The brain regions showing significant group differences were extracted as regions of interest (ROIs) to explore the neural correlates between global signal synchronization (DC) and cognitive function (FAB) as well as movement function (UPDRS-III). DC signals were extracted from ROIs by averaging the signals of all voxels within ROI. Pearson correlation (statistical significance level p < 0.05) was applied to calculate the correlations between DC and cognitive/movement function. Moreover, the correlation analysis was also analyzed across the whole brain, within Automated Anatomical Labeling (AAL) template, which contains 116 brain regions, including 90 cerebrum regions and 26 cerebellum regions (Tzourio-Mazoyer et al., 2002).
Demographic Characteristics and Clinical Assessments
Statistical results of demographic characteristics and clinical measurements were summarized in Table 1. No group difference (p > 0.05) was observed on age or mean FD Jenkinson. Significant group differences were demonstrated in FAB scores (p < 0.0001) and education time (p = 0.0277). NC were shown to have higher FAB scores and longer education time than PD (Table 1). It should be noted that the FAB scores were obtained from 31 out of 35 PD patients because four PD patients refused to do the FAB assessment.
Differences of Global Synchronizations
DC differences between NC and PD were implemented by two-sample t-test. The significant brain regions were showed in Table 2, Figure 1A. The survival voxels of brain regions were identified based on CUI Xu’s XjView2. For the PD group, increased DC was observed in left fusiform gyrus extending to inferior temporal gurus (ITG), left middle temporal gyrus (MTG) and angular gyrus, whereas it was decreased in right interior opercular-frontal gyrus (IFGoper) extending to superior temporal gyrus (STG).
Table 2. Brain regions showing significant degree centrality (DC) differences between normal controls (NC) and patients with Parkinson’s disease (PD).
Figure 1. Between-group degree centrality (DC) differences. (A) T-maps of DC differences between normal controls (NC) and patients with Parkinson’s disease (PD). Multiple comparison corrections were implemented by Gaussian Random Field (GRF) with voxel p < 0.005 and cluster p < 0.05 within gray matter mask (T > 2.91, cluster size > 1,350 mm3). The color bar indicated the statistical t-value. Warm/Cool overlays indicated increased/decreased DC in PD. L/R = left/right hemisphere. (B) Positive correlation between DC and motor part of Unified Parkinson’s Disease Rating Scale (UPDRS-III) in left fusiform gyrus.
The brain regions showing significant DC differences (Table 2) between NC and PD were extracted as ROIs. The correlative analysis between DC and cognitive/movement functions was performed within these brain regions. Positive correlation was observed between DC and UPDRS-III in left fusiform gyrus (r = 0.41, p = 0.0145; Figure 1B), while no correlation (p > 0.05) was observed between DC and FAB scores. Additionally, the neural correlations of cognitive function (FAB) and movement function (UPDRS-III) were examined across the whole brain within AAL templates. The significant results were demonstrated in Figures 2–4.
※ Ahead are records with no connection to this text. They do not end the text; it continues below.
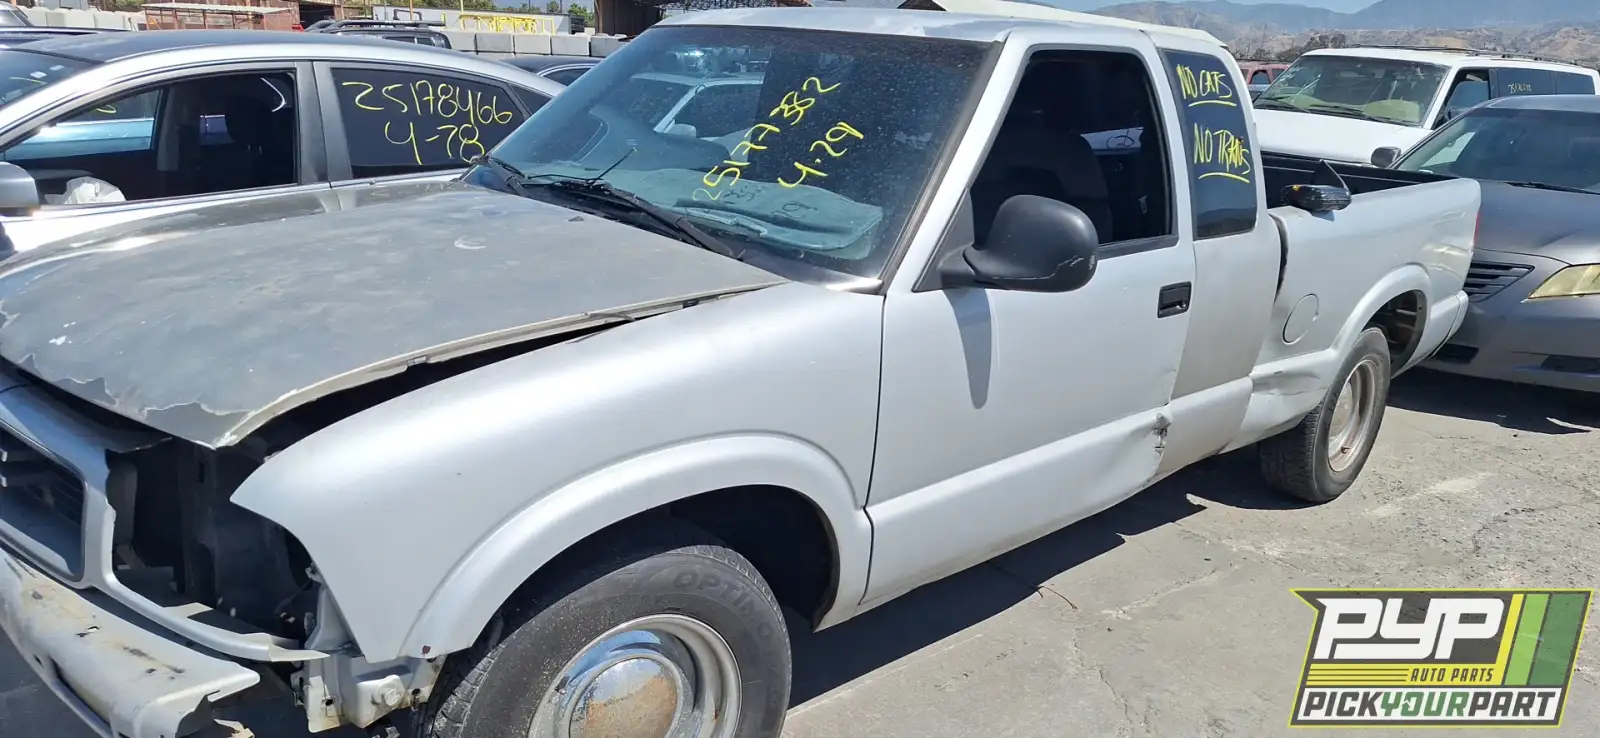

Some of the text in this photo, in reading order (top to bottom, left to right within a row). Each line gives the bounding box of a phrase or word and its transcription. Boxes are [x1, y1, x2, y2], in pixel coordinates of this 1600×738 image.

[341, 79, 513, 126] 25178466
[1176, 64, 1233, 99] NO CATS
[1193, 122, 1213, 164] NO
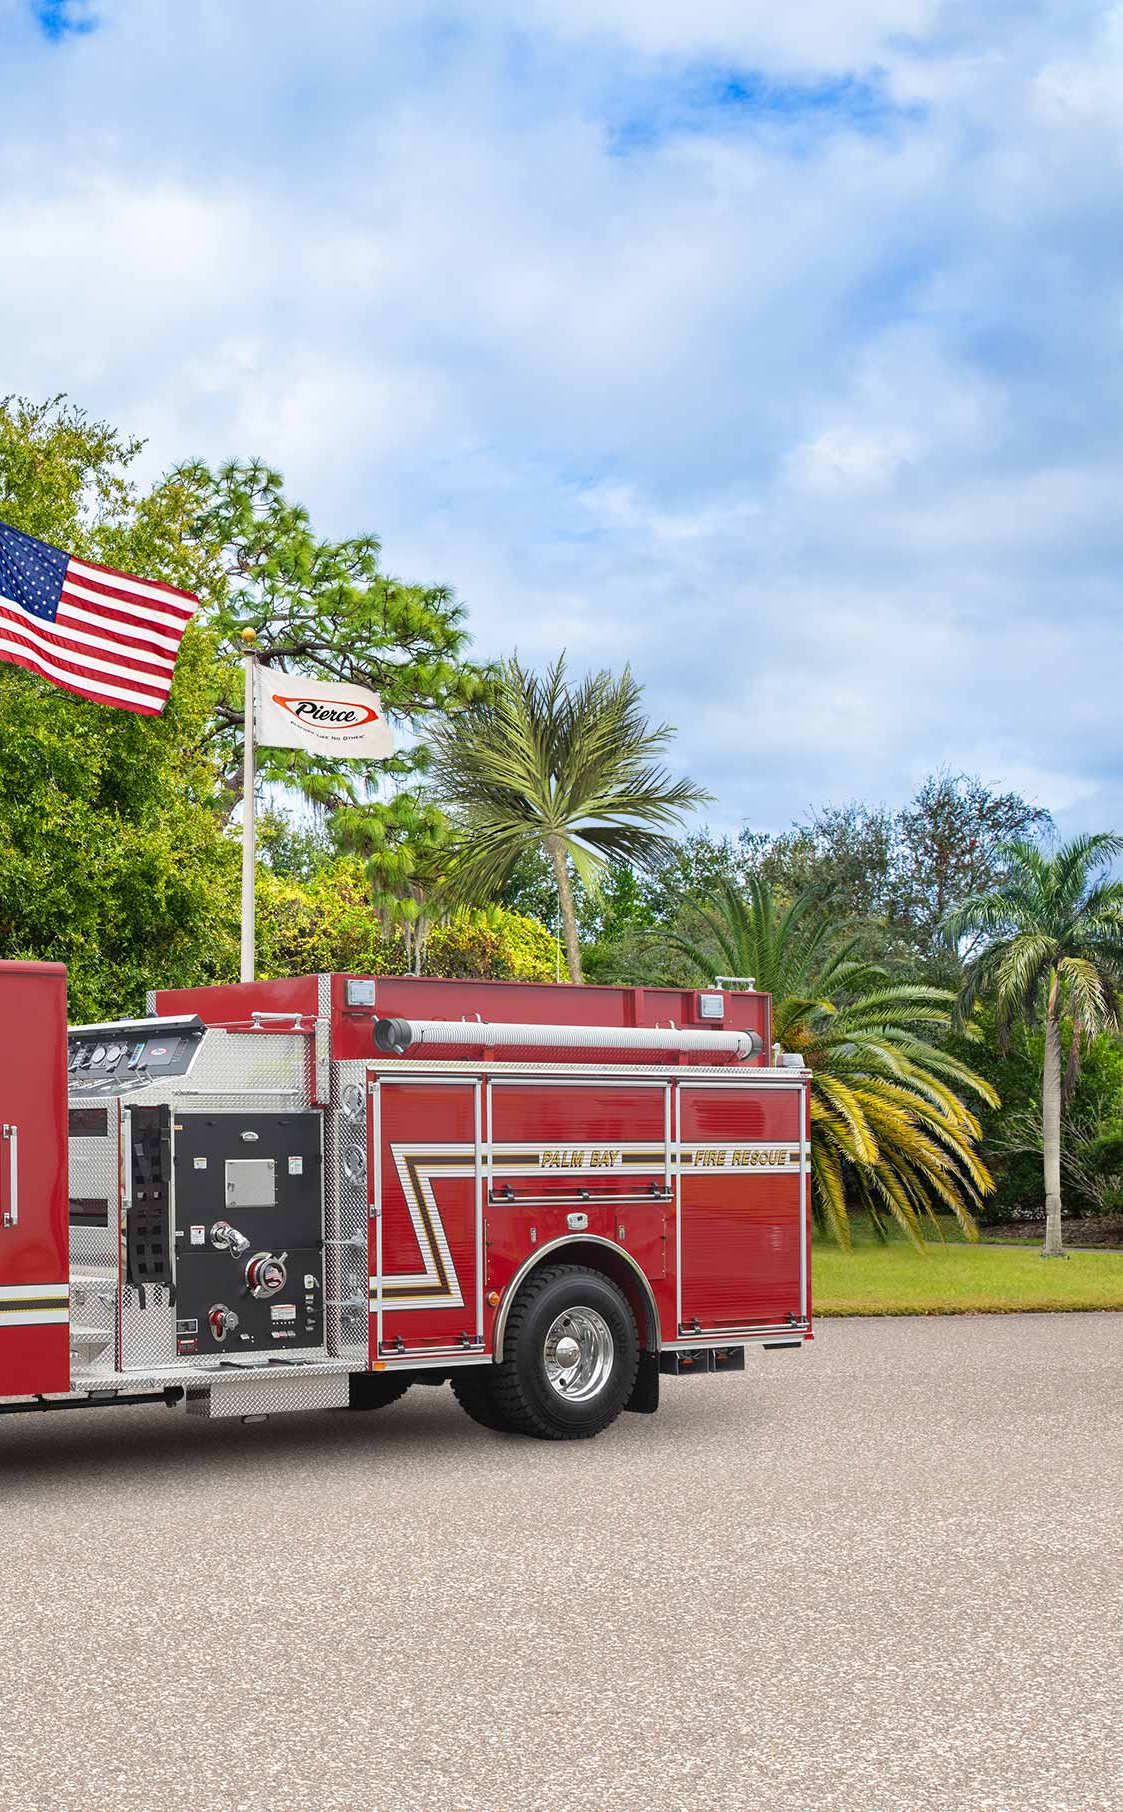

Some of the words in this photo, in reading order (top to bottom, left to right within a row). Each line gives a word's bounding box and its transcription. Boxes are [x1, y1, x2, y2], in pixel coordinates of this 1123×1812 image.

[295, 701, 356, 722] Pierce
[541, 1150, 585, 1168] PALM
[590, 1150, 620, 1168] BAY
[694, 1150, 727, 1167] FIRE
[732, 1149, 788, 1167] RESCUE
Figure 2. Significant correlations between cognitive function and the global signal synchronizations within the whole brain [Automated Anatomical Labeling (AAL) templates] in patients with PD. (A) The Frontal Assessment Battery (FAB) scores of NC and PD. Significant correlations between FAB and DC in bilateral superior frontal gyrus (SFG; B,C), right medial-SFG (D), bilateral insula (E,F), bilateral cerebellum-curs1 (G,H) and right cerebellum-6 (I). Significance notations: *p < 0.05, **p < 0.01, ***p < 0.005. The dots and lines were demonstrated in red/blue color for positive/negative correlations.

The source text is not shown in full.